▶ [REQUIRED WORK]:
Quote all entries exactly, leaving pictures aside.

[SUPPLIED INFORMATION]

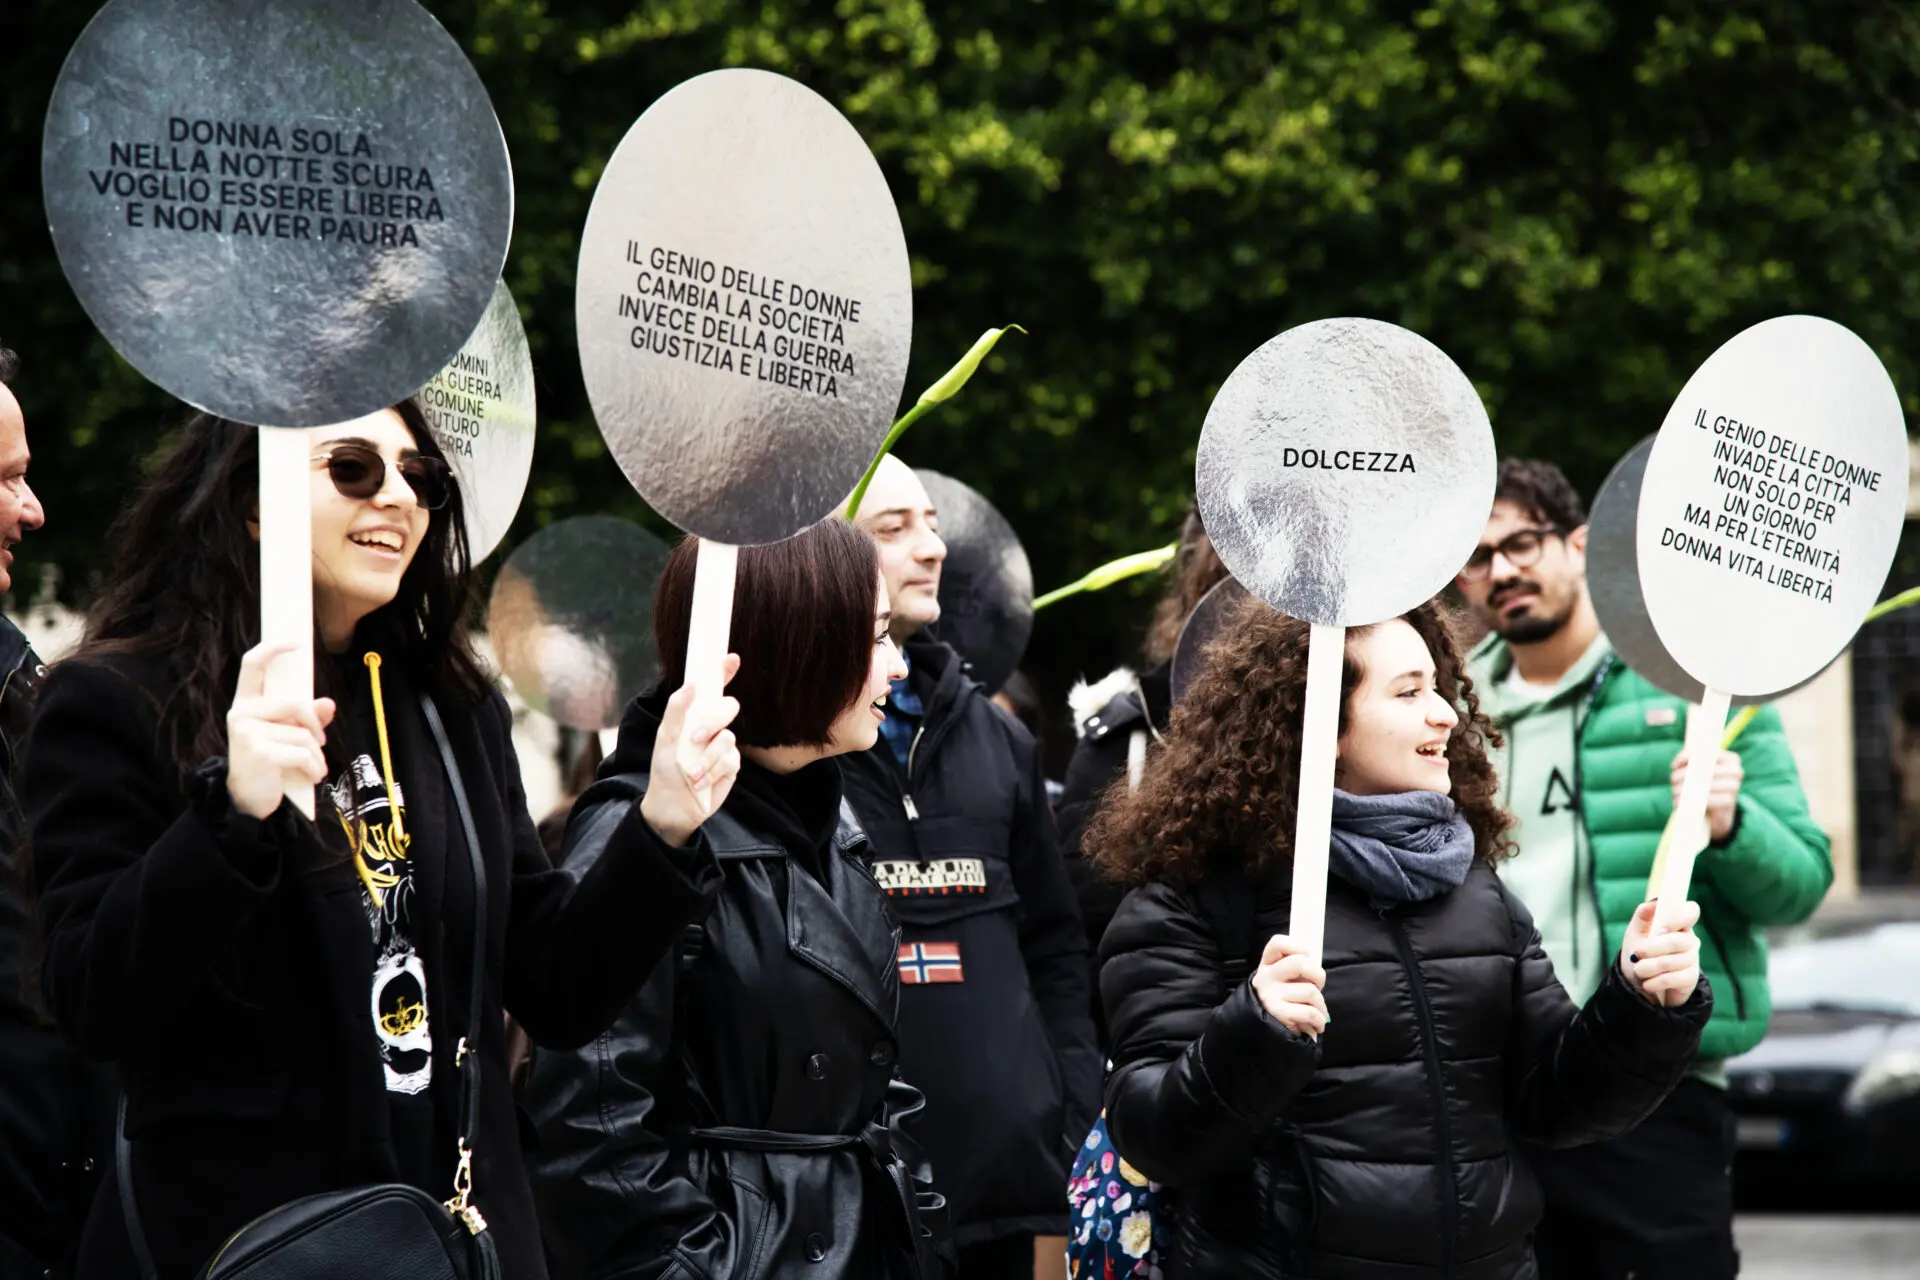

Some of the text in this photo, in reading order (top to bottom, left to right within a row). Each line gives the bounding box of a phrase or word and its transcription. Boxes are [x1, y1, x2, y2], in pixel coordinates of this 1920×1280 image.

[169, 116, 372, 158] DONNA SOLA
[110, 141, 435, 192] NELLA NOTTE SCURA
[88, 169, 444, 222] VOGLIO ESSERE LIBERA
[127, 202, 419, 248] E NON AVER PAURA
[626, 239, 861, 323] IL GENIO DELLE DONNE
[637, 271, 844, 346] CAMBIA LA SOCIETÀ
[618, 293, 854, 377] INVECE DELLA GUERRA
[448, 371, 502, 402] GUERRA
[450, 352, 489, 376] OMINI
[630, 325, 837, 398] GIUSTIZIA E LIBERTÀ
[424, 387, 485, 419] COMUNE
[424, 408, 480, 438] FUTURO
[434, 430, 473, 457] ERRA
[1283, 447, 1416, 473] DOLCEZZA
[1694, 408, 1882, 492] IL GENIO DELLE DONNE
[1713, 440, 1851, 507] INVADE LA CITTÀ
[1713, 465, 1836, 524] NON SOLO PER
[1683, 503, 1841, 575] MA PER L'ETERNITÀ
[1723, 492, 1817, 541] UN GIORNO
[1660, 527, 1834, 604] DONNA VITA LIBERTÀ
[873, 859, 984, 886] APAPIJRI

[/SUPPLIED INFORMATION]

▶ [TASK SOLUTION]:
Some of the text in this photo, in reading order (top to bottom, left to right within a row). Each line gives the bounding box of a phrase or word and its transcription. Boxes are [x1, y1, x2, y2], in pixel coordinates of this 1920×1280 image.

[169, 116, 372, 158] DONNA SOLA
[110, 141, 435, 192] NELLA NOTTE SCURA
[88, 169, 444, 222] VOGLIO ESSERE LIBERA
[127, 202, 419, 248] E NON AVER PAURA
[626, 239, 861, 323] IL GENIO DELLE DONNE
[637, 271, 844, 346] CAMBIA LA SOCIETÀ
[618, 293, 854, 377] INVECE DELLA GUERRA
[448, 371, 502, 402] GUERRA
[450, 352, 489, 376] OMINI
[630, 325, 837, 398] GIUSTIZIA E LIBERTÀ
[424, 387, 485, 419] COMUNE
[424, 408, 480, 438] FUTURO
[434, 430, 473, 457] ERRA
[1283, 447, 1416, 473] DOLCEZZA
[1694, 408, 1882, 492] IL GENIO DELLE DONNE
[1713, 440, 1851, 507] INVADE LA CITTÀ
[1713, 465, 1836, 524] NON SOLO PER
[1683, 503, 1841, 575] MA PER L'ETERNITÀ
[1723, 492, 1817, 541] UN GIORNO
[1660, 527, 1834, 604] DONNA VITA LIBERTÀ
[873, 859, 984, 886] APAPIJRI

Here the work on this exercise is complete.